EXTRACTED RECORDS -
# # # # #
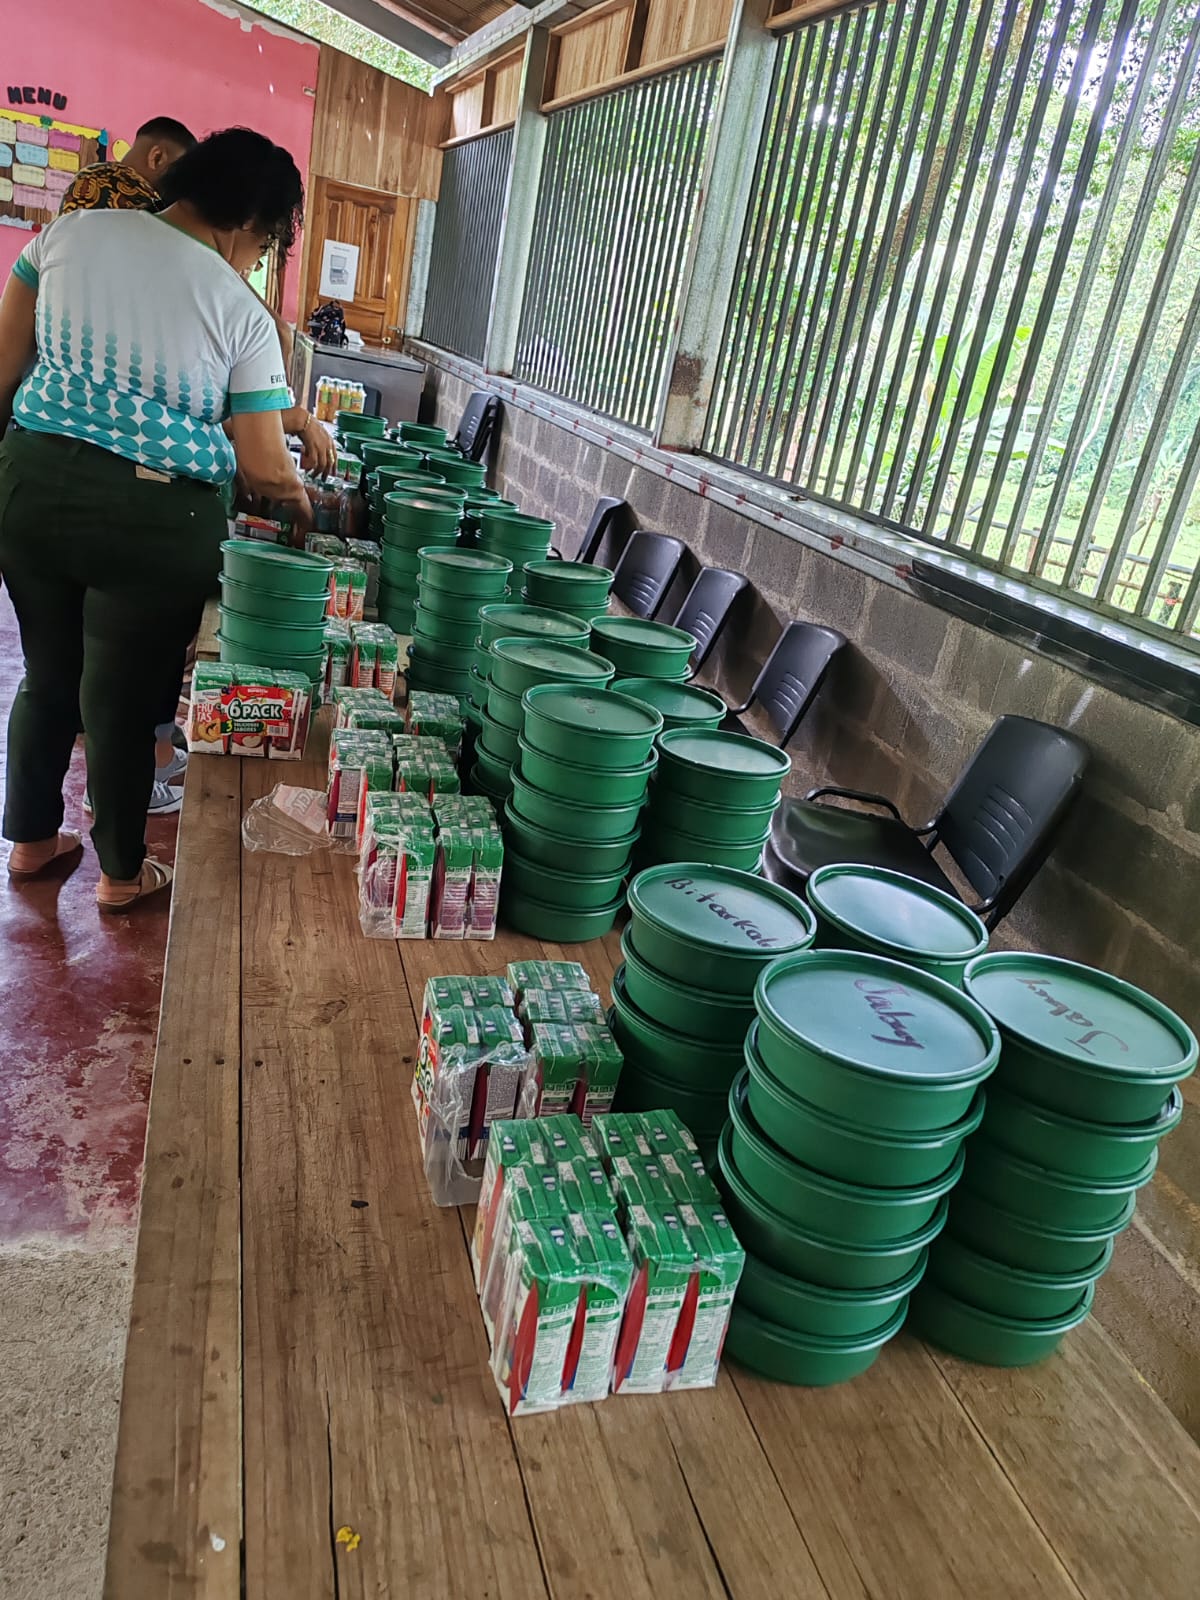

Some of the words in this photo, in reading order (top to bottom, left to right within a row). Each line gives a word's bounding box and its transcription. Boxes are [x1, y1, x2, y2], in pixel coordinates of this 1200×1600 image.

[7, 86, 67, 110] MENU
[230, 700, 241, 718] 6
[243, 705, 281, 719] PACK
[226, 720, 233, 733] 3
# # # # #
EXERCISE -
The task calls for every record to be transcribed exactly, with no images included.

WRITTEN REPLY -
Some of the words in this photo, in reading order (top to bottom, left to right within a row). Each line gives a word's bounding box and its transcription. Boxes are [x1, y1, x2, y2], in pixel coordinates of this 1200×1600 image.

[7, 86, 67, 110] MENU
[230, 700, 241, 718] 6
[243, 705, 281, 719] PACK
[226, 720, 233, 733] 3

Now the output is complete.